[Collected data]
------

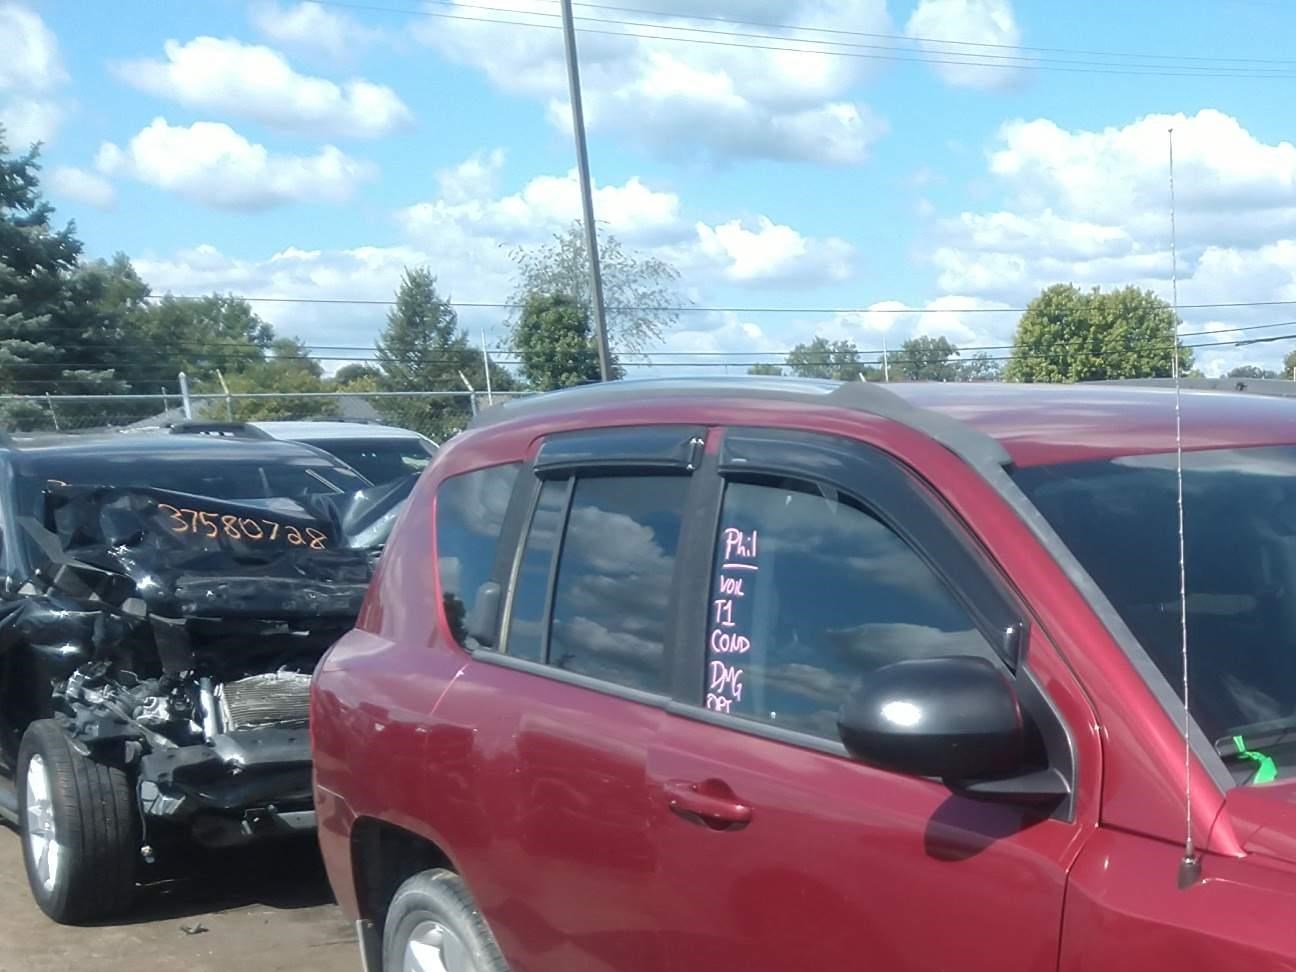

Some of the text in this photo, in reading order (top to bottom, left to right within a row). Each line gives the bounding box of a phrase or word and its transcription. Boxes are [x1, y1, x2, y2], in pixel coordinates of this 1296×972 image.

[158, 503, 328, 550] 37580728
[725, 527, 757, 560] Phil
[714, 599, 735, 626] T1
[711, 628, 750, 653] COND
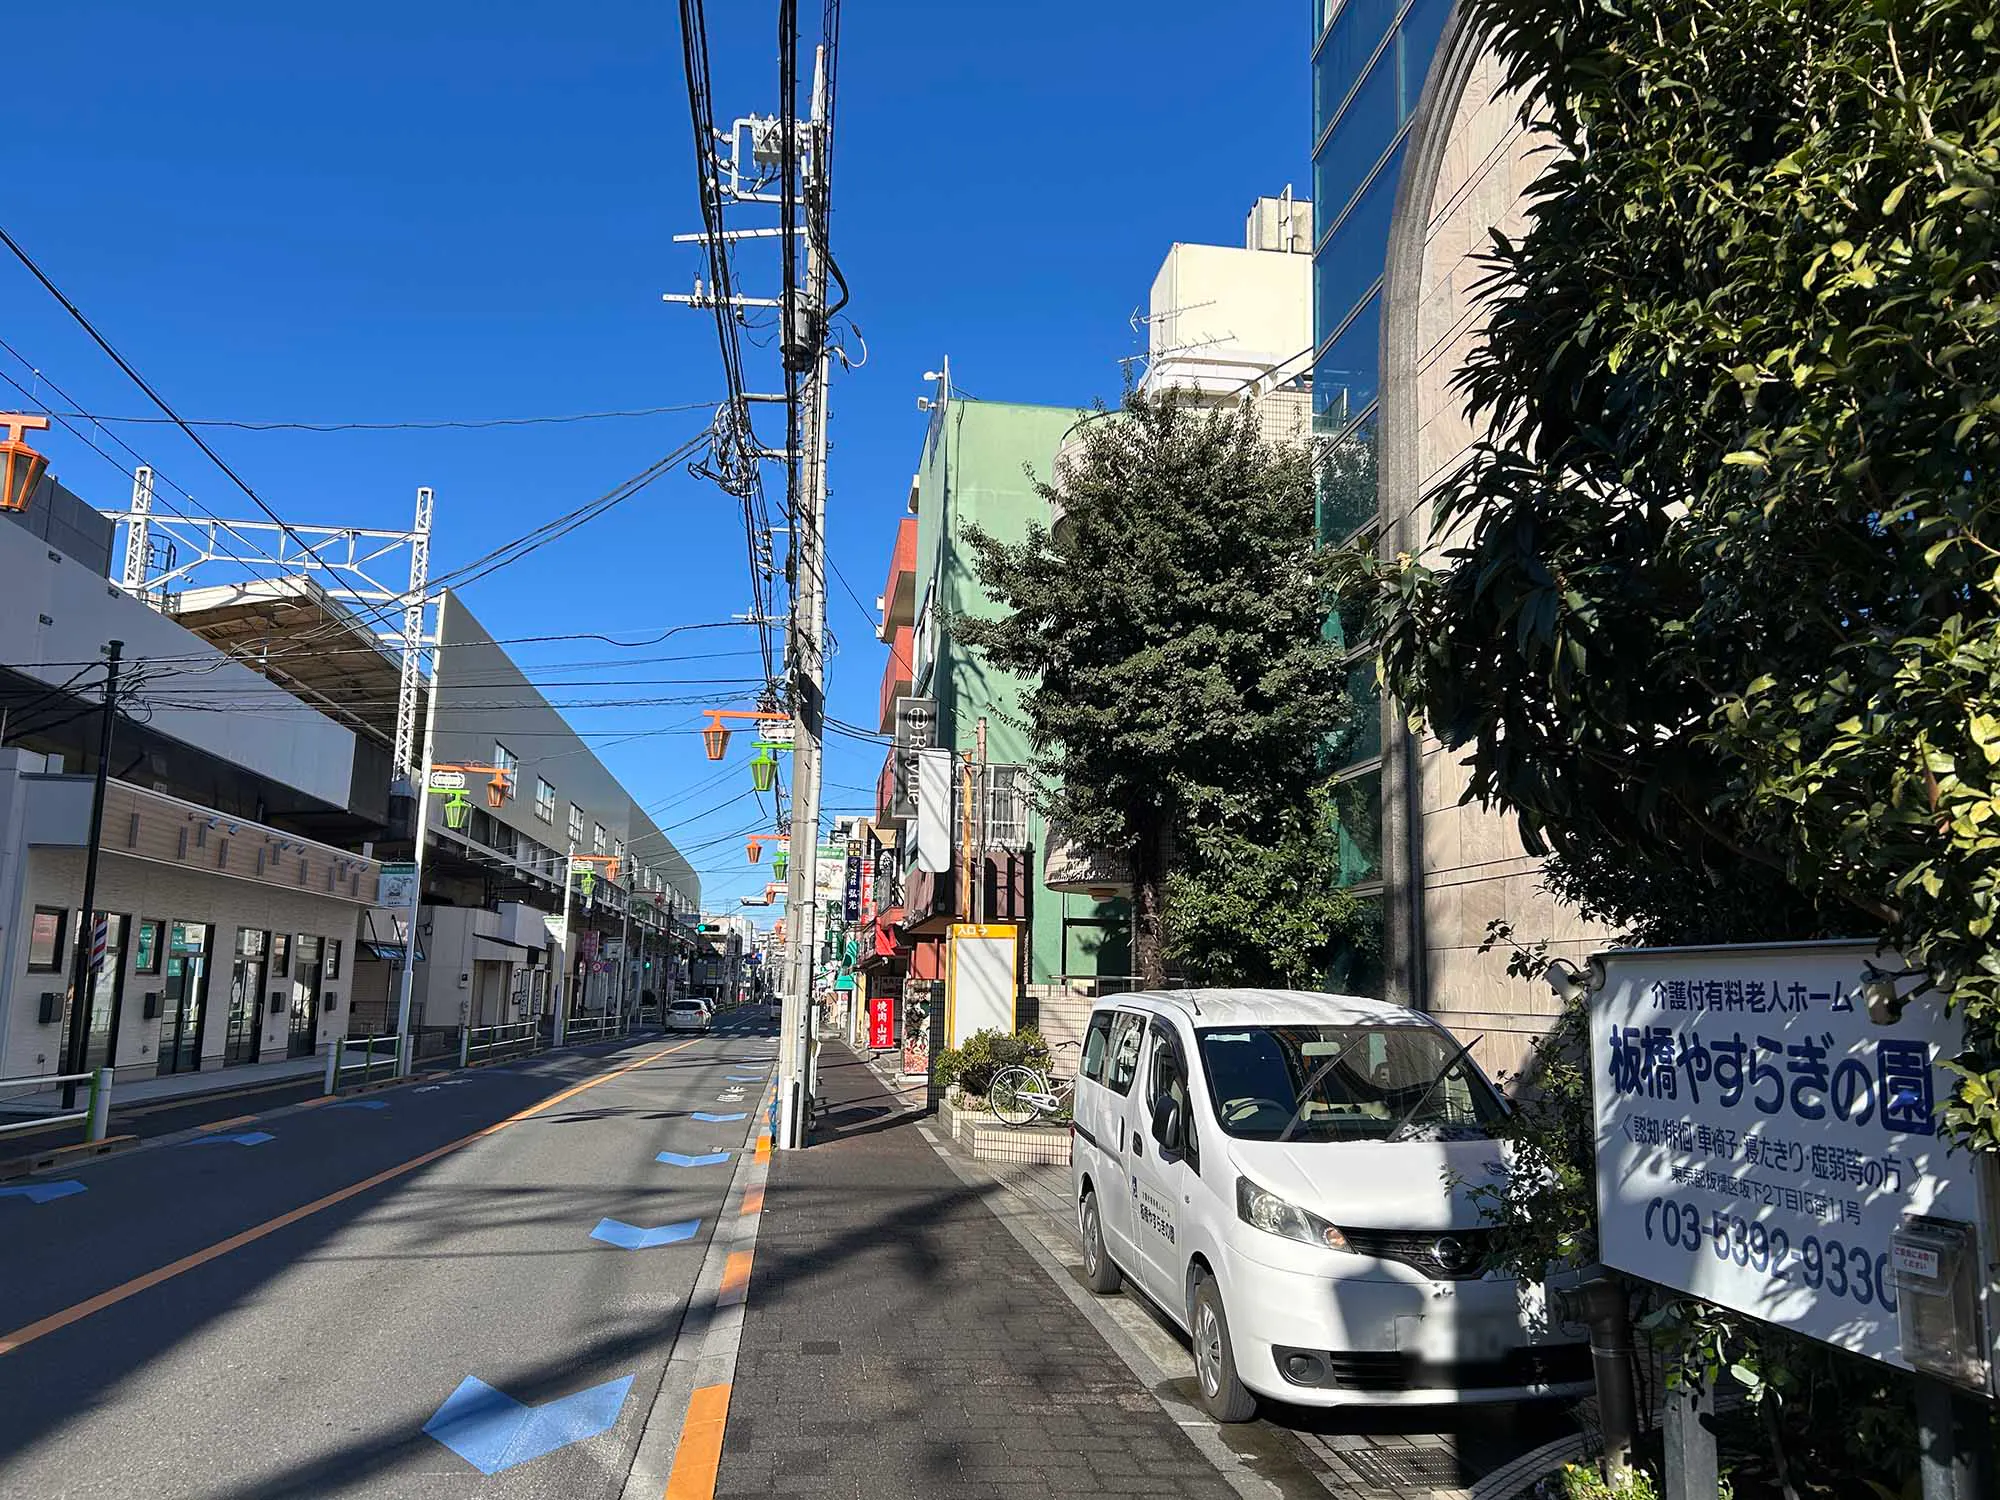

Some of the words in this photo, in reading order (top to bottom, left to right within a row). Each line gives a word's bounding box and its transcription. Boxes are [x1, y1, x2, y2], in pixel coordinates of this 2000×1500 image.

------

#### About this task:
Could you reproduce the data above exactly, without its pictures?

#### Your response:
Some of the text in this photo, in reading order (top to bottom, left to right within a row). Each line gives the bounding box of a phrase or word and its transcription. Boxes are [x1, y1, x2, y2], in pixel coordinates of this 1296×972 image.

[158, 503, 328, 550] 37580728
[725, 527, 757, 560] Phil
[714, 599, 735, 626] T1
[711, 628, 750, 653] COND

Some of the words in this photo, in reading order (top to bottom, left to right within a row). Each line gives a word's bounding box and its transcription. Boxes are [x1, y1, x2, y2], in pixel coordinates of this 2000×1500 image.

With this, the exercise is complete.